The current approach may already be bearing fruit. According to Chartmetrics, Joe Rogan’s followers on Instagram are posting about Spotify more often over time, having started out less interested in it than the average user.

However, musicians might be able to force its hand if they follow the path of Young and pull their content from the service. A big enough boycott, Prof Sullivan says, would bite into Spotify’s core revenue.

In the meantime, Dr Cook believes that Spotify’s supposed rules against dangerous Covid-19 misinformation should be extended to other kinds.

While many tech giants put false Covid claims in a different category, saying they can directly cause harm to life and limb, Dr Cook says this is short-sighted.

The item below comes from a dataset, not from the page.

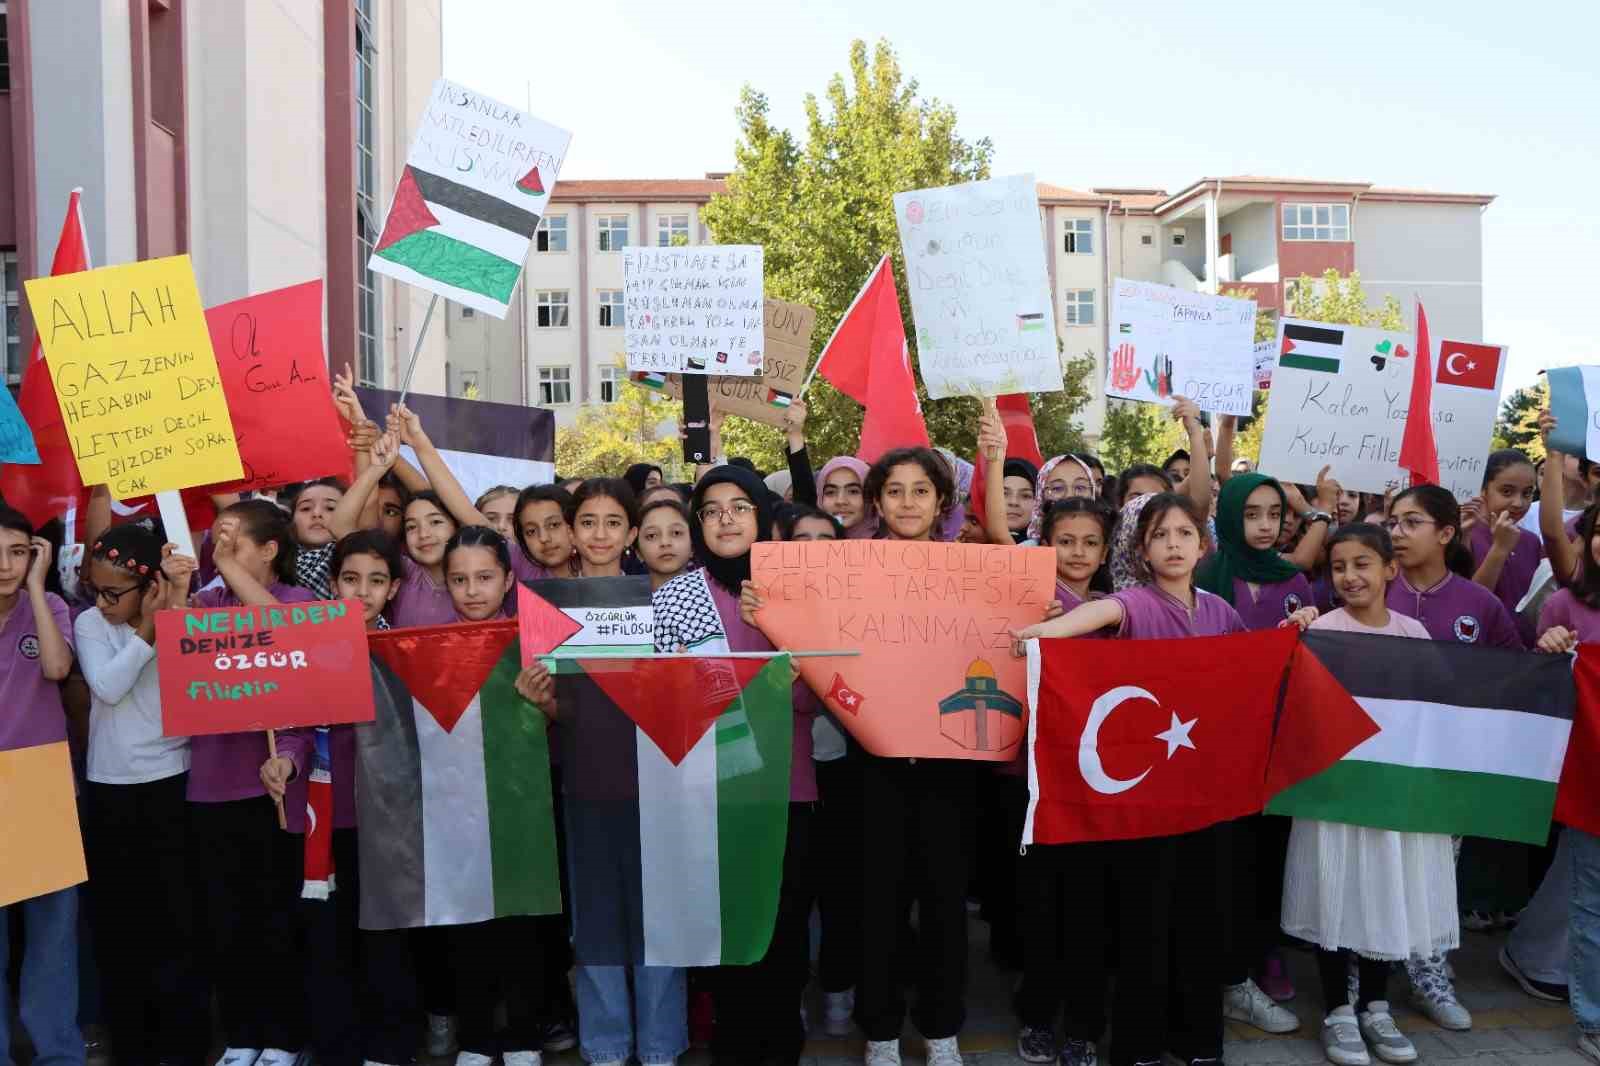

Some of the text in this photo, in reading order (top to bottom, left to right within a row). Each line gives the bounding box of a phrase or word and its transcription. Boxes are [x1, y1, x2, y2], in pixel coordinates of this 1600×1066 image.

“Covid misinformation is much more immediate,” says Dr Cook. “People will hear something, and then they’ll step outside and not wear a mask, or they won’t get vaccinated, or they won’t socially distance.

“Climate misinformation is more complicated, because it’s such a holistic issue. It’s long-term, it’s global. It’s harder to get our head around, but the threat is actually much greater than Covid misinformation because it’s this existential problem on a global scale, decades and centuries into the future.”